On Aug 25, 2005, at 6:01 AM, Colm MacCarthaigh wrote:


Now that the ap_close_listeners() code is committed, implementing a
graceful stop is relatively trivial, I already have it working here for me. However there are some complicated nits which I thought I'd solicit
feedback on.

One of the main benefits of a graceful stop is to allow for upgrading
httpd without kicking off long downloads. For this situation, it's
desirable that it be possible to do;

    make install
    apachectl graceful-stop
    apachectl start

and have it work as the admin would expect, but this leads to some
complications. Files like the ScriptSock, ScoreBoardFile,
SSLSessionCache, LockFile, LDAPSharedCacheFile and so on will get
clobbered. Ther will be two instances of httpd, pointing at the same
files.

To solve this, I'd like allow the administrator do something like;

    ScoreBoardFile    /var/run/apache_status-%p
    ScriptSock    cgi_sock.%p
    SSLSessionCache shm:/path/to/datafile.%p

where %p is the PID of the server. Or even better I'd like to be able to
do;

    # Create a directory for server-related state, gets
    # removed on server exit.
    StateDirectory    %p.state/

    ScoreBoardFile    $statedir/apache_status
    ScriptSock    $statedir/cgi_sock
    SSLSessionCache shm:$statedir/datafile

But either way, it starts to look like an embedded macro engine, and
it's not at all clear to admin that they can't use those expansions
elsewhere.

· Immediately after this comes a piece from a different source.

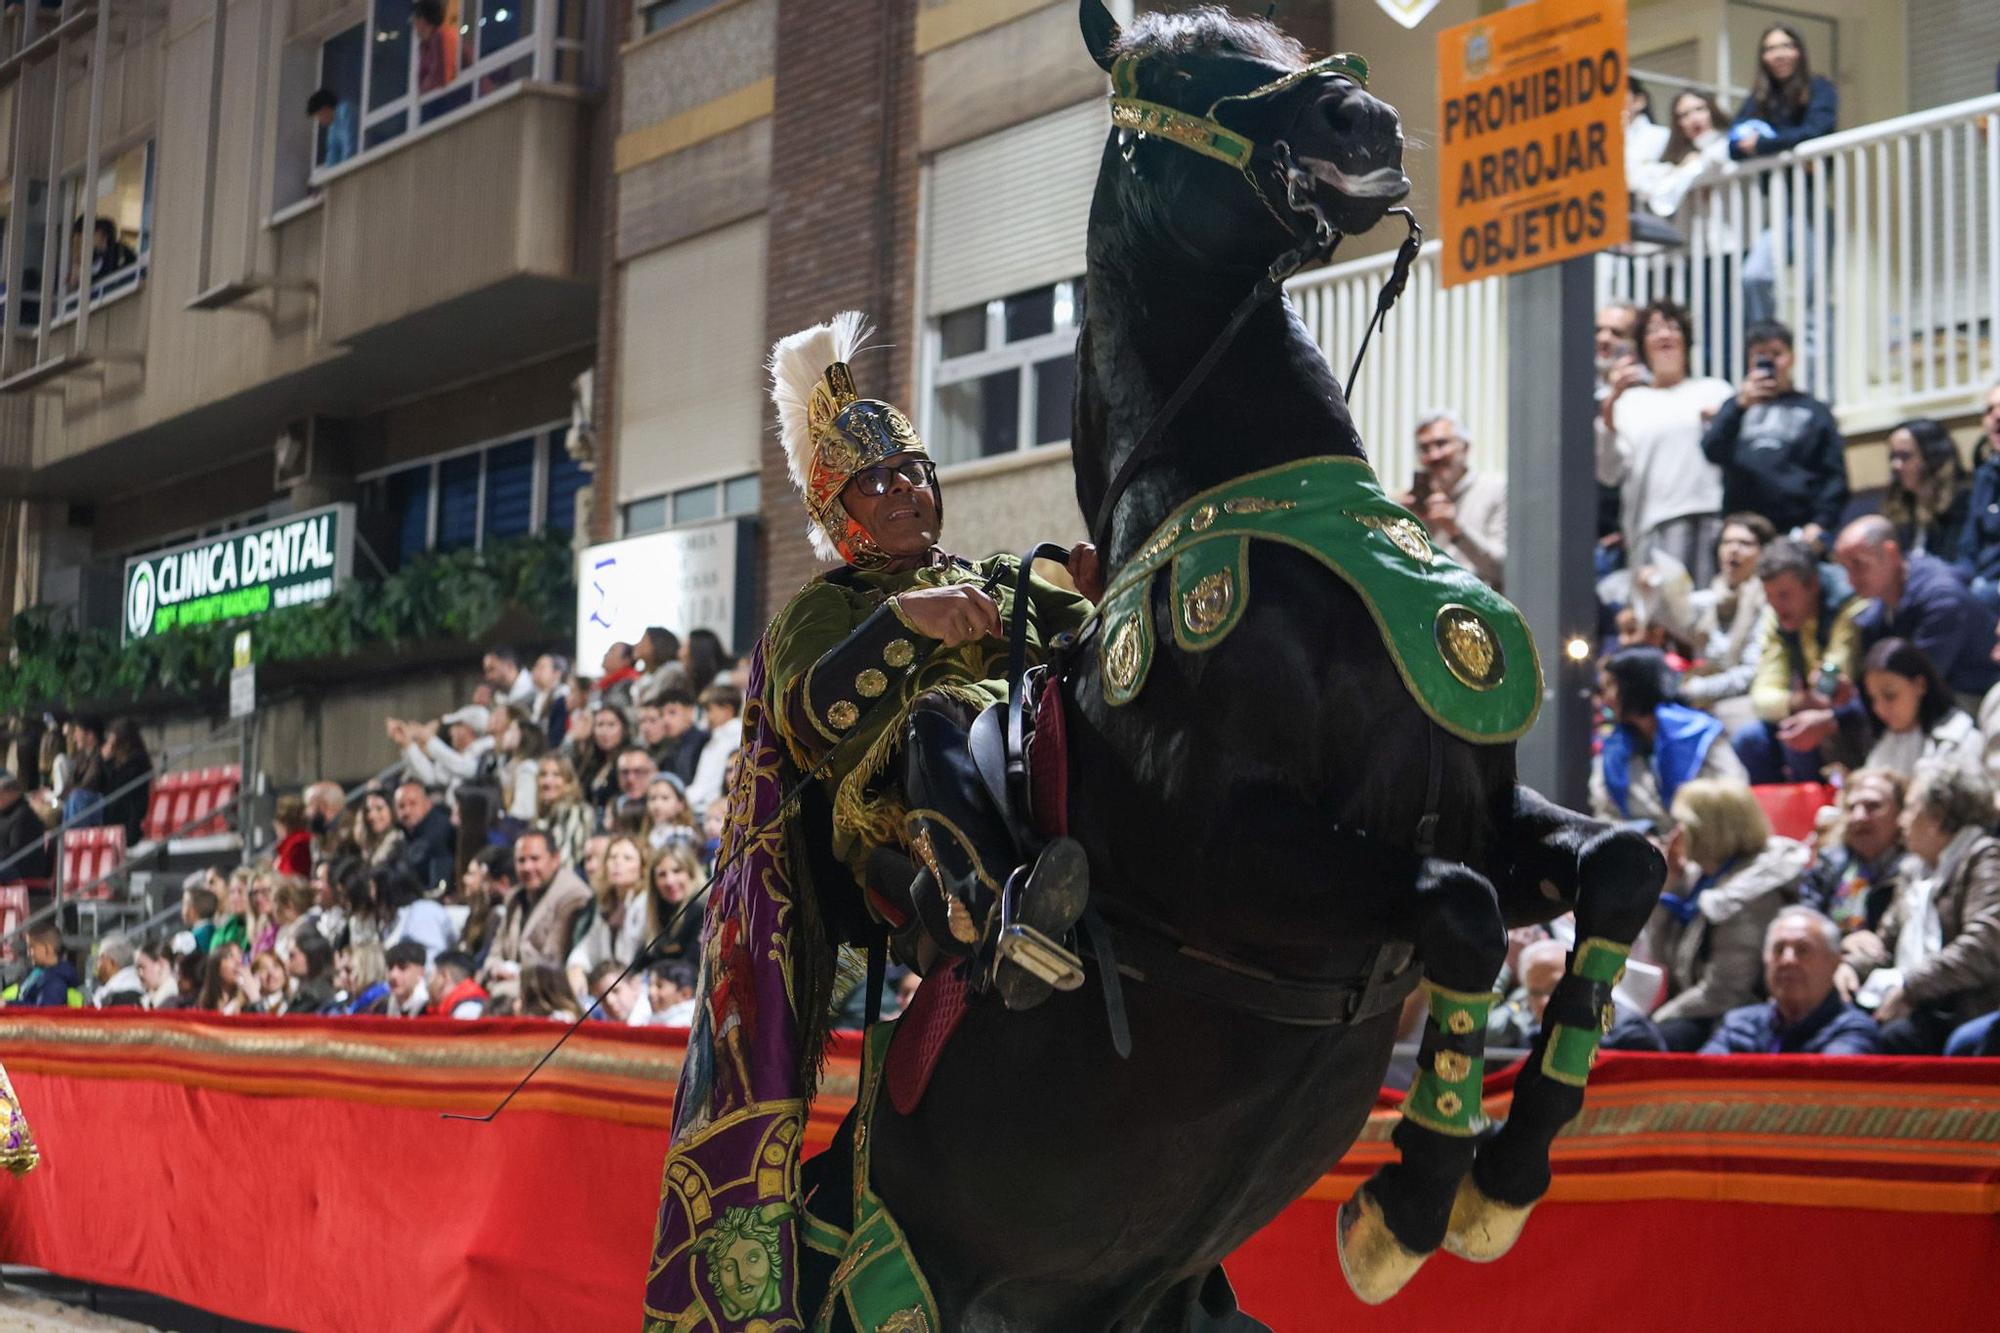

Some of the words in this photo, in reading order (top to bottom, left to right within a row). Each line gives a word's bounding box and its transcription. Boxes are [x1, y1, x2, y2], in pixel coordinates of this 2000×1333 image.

This is a mean problem.

What's really needed is a lightweight embedded scripting engine for
config parsing, but that's a lot of overkill for simply making graceful
stops working.

Has anyone got any comments on any other approaches? or on the
suitability of adding a small ammount of expansion to the state- related
directives above?


Although StateDirectory is nice, I think it would
complicate things. Instead, the '%p' idea is cleaner;
Of course, it's been proposed before that all server-specific
files and resources that are clobberable are internally
prepended-appended with PID, as we already do with some. That,
I think, would be the best solution.